# Task objective:
Could you transcribe every record below exactly, leaving out any pictures?

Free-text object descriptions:
----------
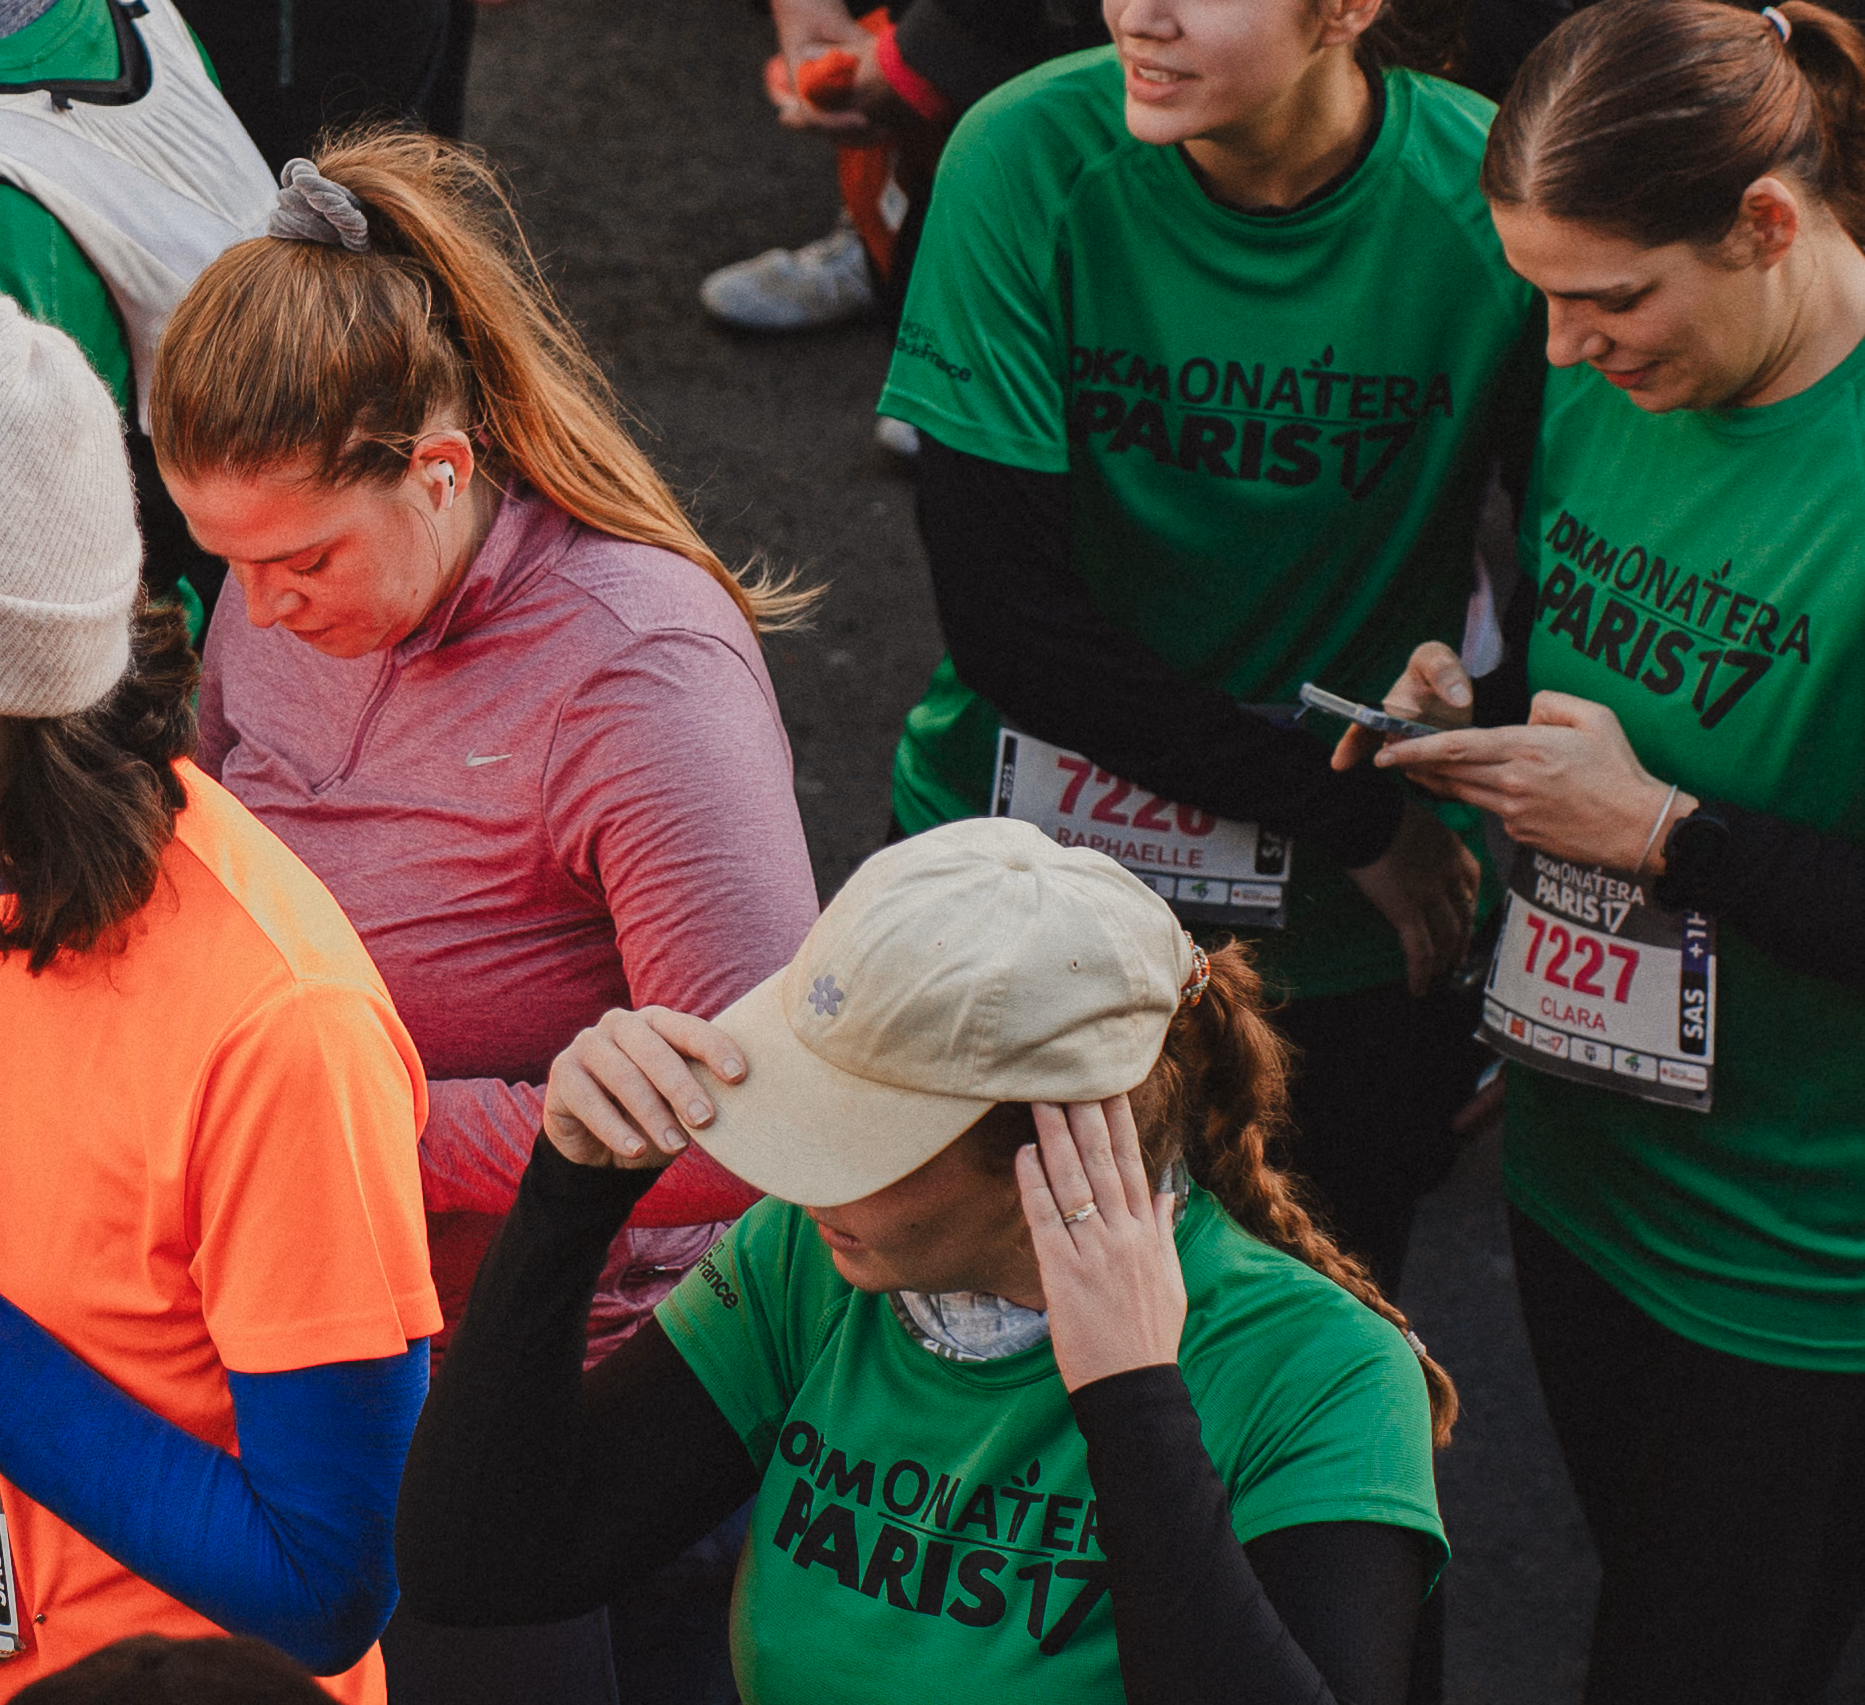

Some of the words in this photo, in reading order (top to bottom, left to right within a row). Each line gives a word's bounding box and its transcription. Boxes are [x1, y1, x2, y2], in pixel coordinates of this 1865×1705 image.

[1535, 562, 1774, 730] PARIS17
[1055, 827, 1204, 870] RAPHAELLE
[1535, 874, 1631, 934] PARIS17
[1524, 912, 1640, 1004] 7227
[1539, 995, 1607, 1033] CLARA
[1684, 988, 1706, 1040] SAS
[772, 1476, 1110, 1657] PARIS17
----------
# Response box:
Some of the words in this photo, in reading order (top to bottom, left to right within a row). Each line gives a word's bounding box and its transcription. Boxes are [x1, y1, x2, y2], in pixel coordinates of this 1865×1705 image.

[1535, 562, 1774, 730] PARIS17
[1055, 827, 1204, 870] RAPHAELLE
[1535, 874, 1631, 934] PARIS17
[1524, 912, 1640, 1004] 7227
[1539, 995, 1607, 1033] CLARA
[1684, 988, 1706, 1040] SAS
[772, 1476, 1110, 1657] PARIS17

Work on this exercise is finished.